AIM OF THE EXERCISE
With the exception of the pictures, transcribe the entire listing exactly.

RECORDS PROVIDED
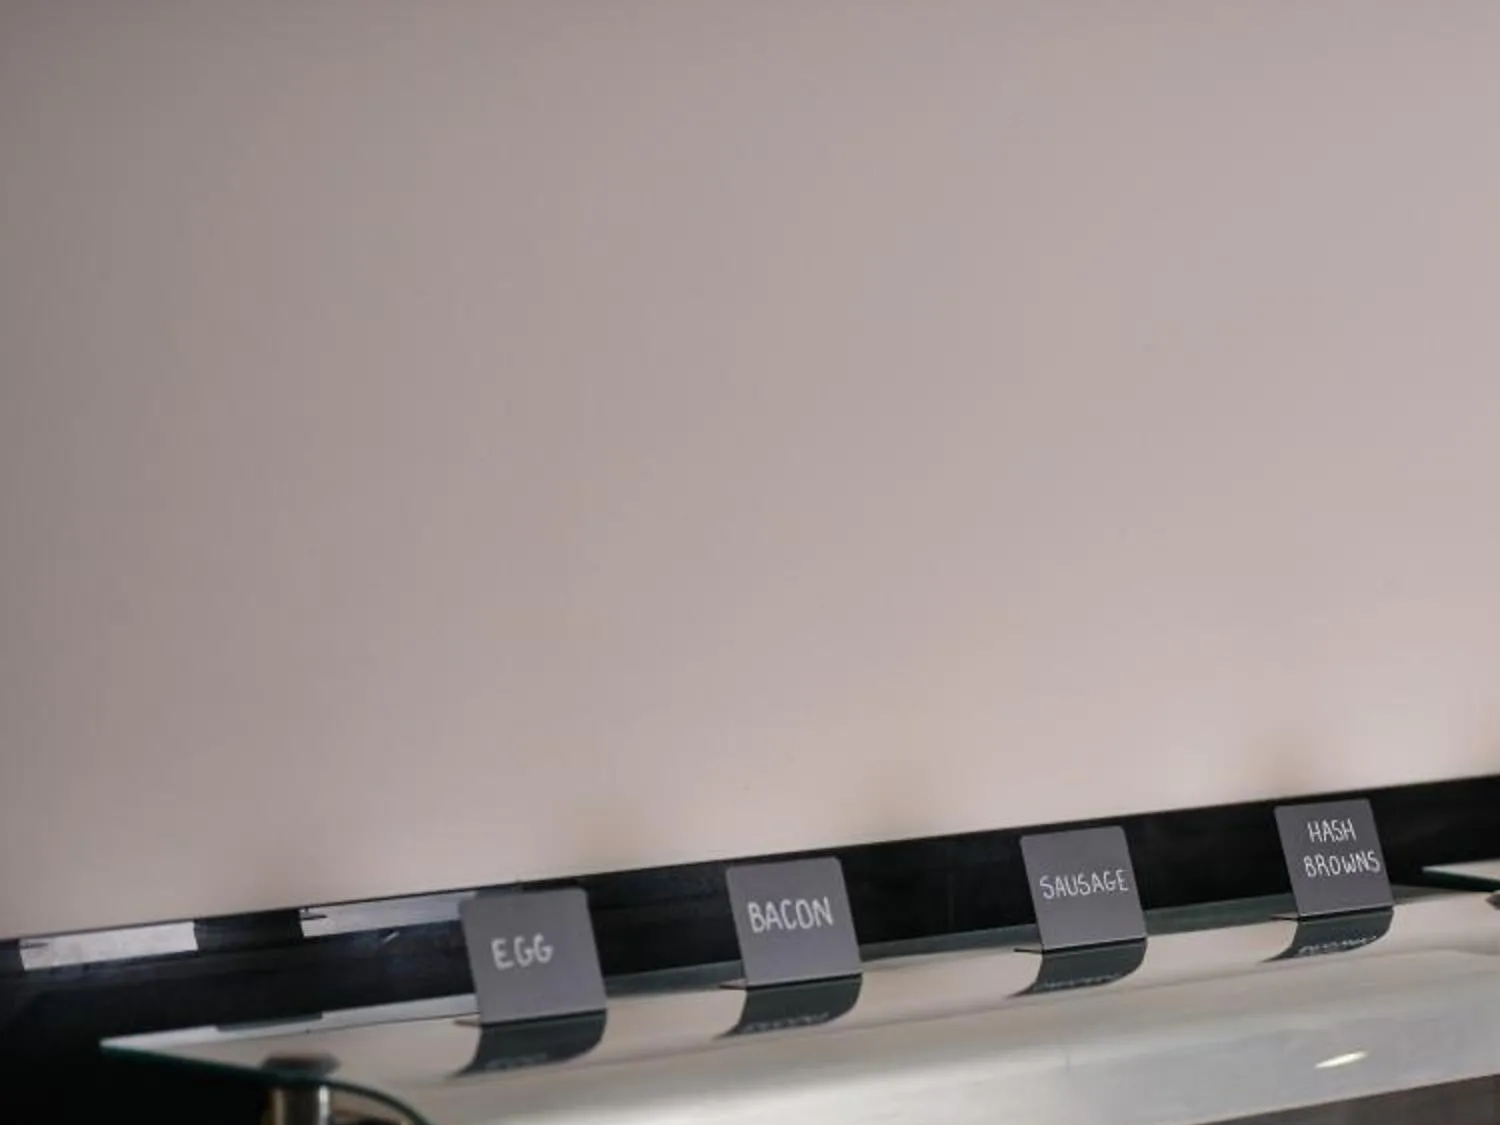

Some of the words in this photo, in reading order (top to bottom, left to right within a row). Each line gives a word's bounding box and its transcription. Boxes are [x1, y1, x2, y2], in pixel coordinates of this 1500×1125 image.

[1307, 817, 1357, 844] HASH
[1303, 850, 1381, 879] BROWNS
[1039, 868, 1129, 900] SAUSAGE
[747, 896, 834, 934] BACON
[490, 932, 554, 970] EGG
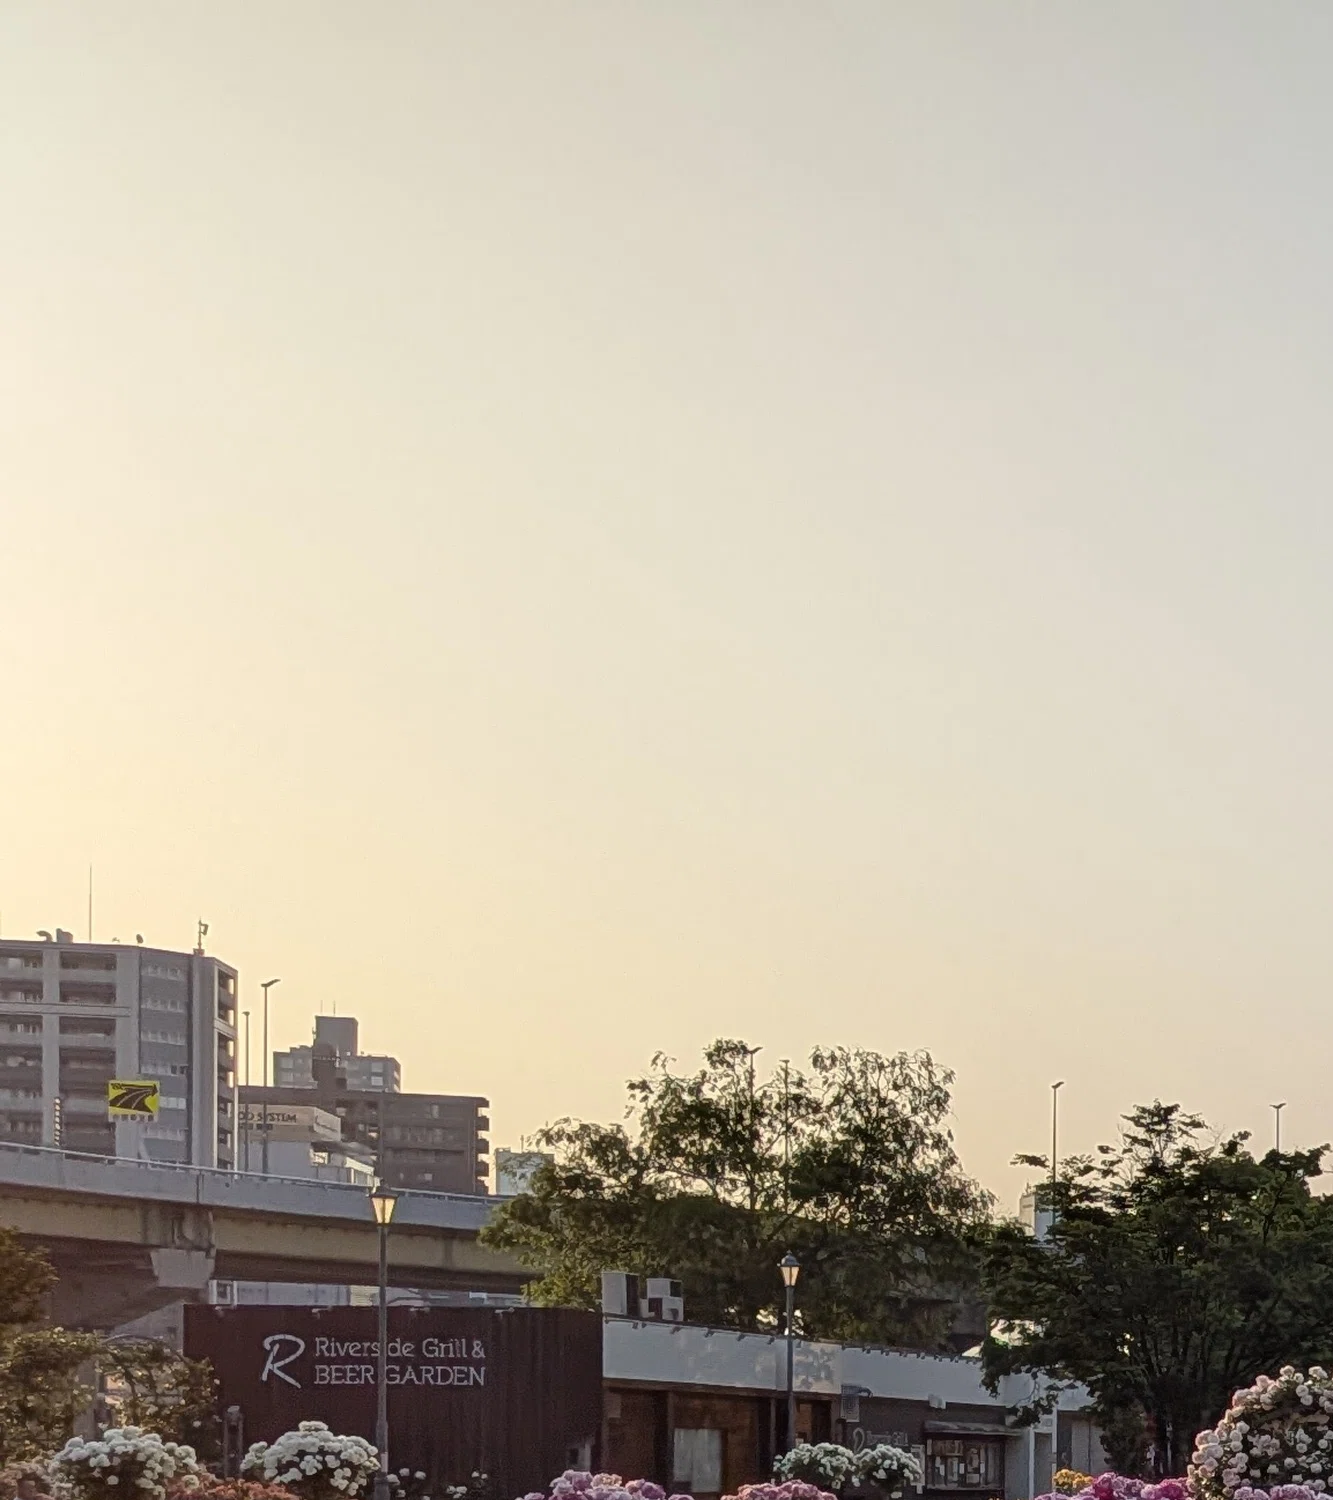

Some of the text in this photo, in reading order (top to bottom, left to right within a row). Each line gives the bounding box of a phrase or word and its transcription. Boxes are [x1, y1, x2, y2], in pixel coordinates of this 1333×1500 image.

[315, 1336, 486, 1359] Riversde Grill &
[261, 1333, 306, 1389] R
[314, 1364, 486, 1386] BEER GARDEN

TASK OUTPUT
Some of the words in this photo, in reading order (top to bottom, left to right within a row). Each line gives a word's bounding box and its transcription. Boxes are [x1, y1, x2, y2], in pixel coordinates of this 1500×1125 image.

[1307, 817, 1357, 844] HASH
[1303, 850, 1381, 879] BROWNS
[1039, 868, 1129, 900] SAUSAGE
[747, 896, 834, 934] BACON
[490, 932, 554, 970] EGG

Some of the text in this photo, in reading order (top to bottom, left to right within a row). Each line gives the bounding box of a phrase or word and its transcription. Boxes are [x1, y1, x2, y2], in pixel coordinates of this 1333×1500 image.

[315, 1336, 486, 1359] Riversde Grill &
[261, 1333, 306, 1389] R
[314, 1364, 486, 1386] BEER GARDEN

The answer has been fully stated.